Right, theres a whole lot that goes on in these hobbies that is based on totally anecdotal non-causative observations. 

People see correlation and assume causation. Its how we're wired.


----------



## Knighty

i know it is not a Dendrobate but Cruziohyla craspedopus is so rare that the only one i have ever herd of for sale was $2000 dollars! cant validate the story but would make it a very expensive anura


----------



## 013

rmelancon said:


> It could be simply what works for one person often doesn't work for everyone. Maybe the 1 degree was what worked in their case so they made the claim that temperature has to be precise. That happens a lot in this hobby. From most that I have spoken with over the years, getting them to breed is usually not an issue at all, it's just about everything else that usually isn't "easy".

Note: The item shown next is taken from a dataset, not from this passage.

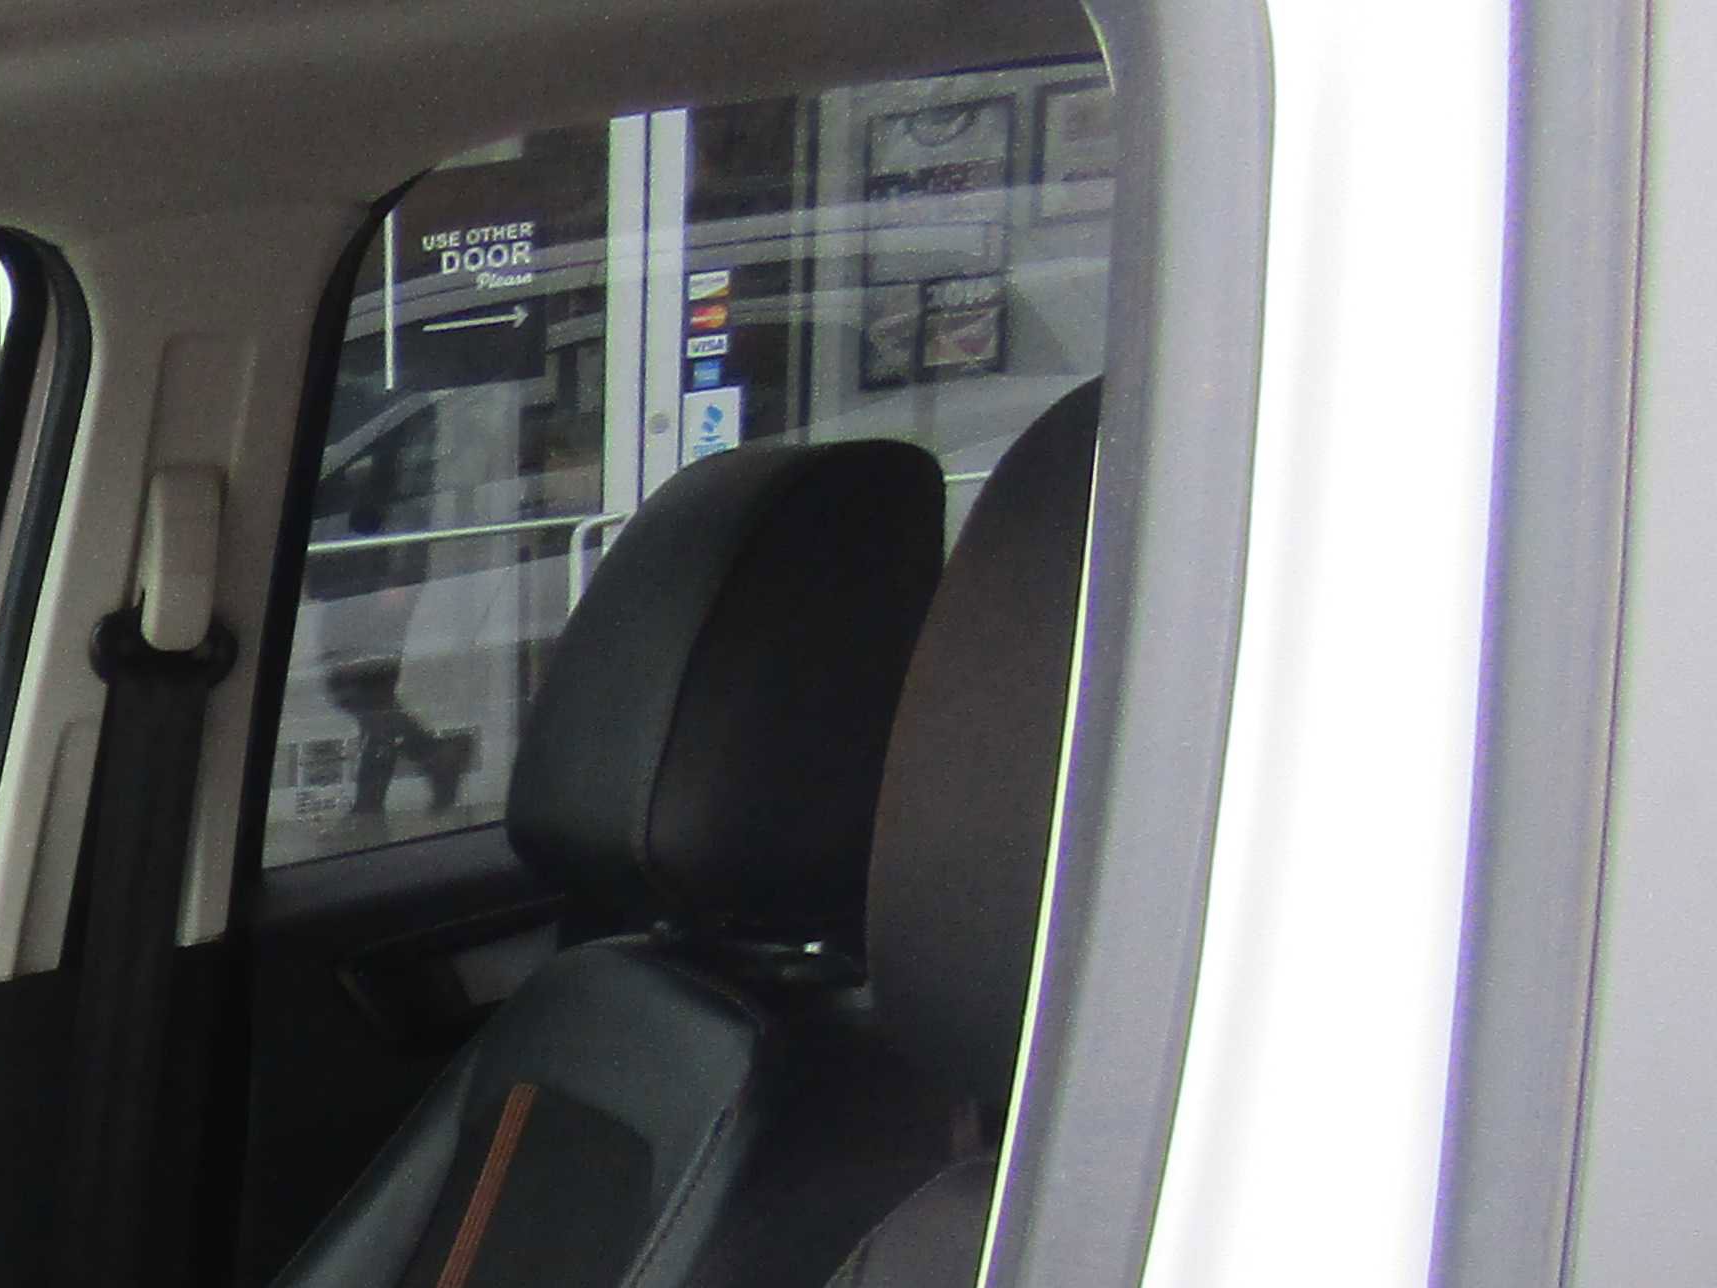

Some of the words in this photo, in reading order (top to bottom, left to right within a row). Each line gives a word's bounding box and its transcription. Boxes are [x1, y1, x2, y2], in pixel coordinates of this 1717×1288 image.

[422, 230, 461, 251] USE
[466, 221, 535, 245] OTHER
[441, 241, 532, 275] DOOR

That could be it. I also recall hearing that the frogs are supposed to be 'picky' about their matingpartners. But i guess that's kind of myth too?


----------



## The_Greg

Knighty said:


> i know it is not a Dendrobate but Cruziohyla craspedopus is so rare that the only one i have ever herd of for sale was $2000 dollars! cant validate the story but would make it a very expensive anura


I saw that on a site recently, and i thought it was very stunning! I wish i could remember the site...


----------



## rmelancon

013 said:


> That could be it. I also recall hearing that the frogs are supposed to be 'picky' about their matingpartners. But i guess that's kind of myth too?


That part I don't think is a myth. I believe there are multiple studies that have been done on mate selection. From a general standpoint, and maybe more so for sylvaticus and histrionicus, I think the ability to choose a mate can have a positive effect on the success of breeding efforts.


----------



## thedude

rmelancon said:


> That part I don't think is a myth. I believe there are multiple studies that have been done on mate selection. From a general standpoint, and maybe more so for sylvaticus and histrionicus, I think the ability to choose a mate can have a positive effect on the success of breeding efforts.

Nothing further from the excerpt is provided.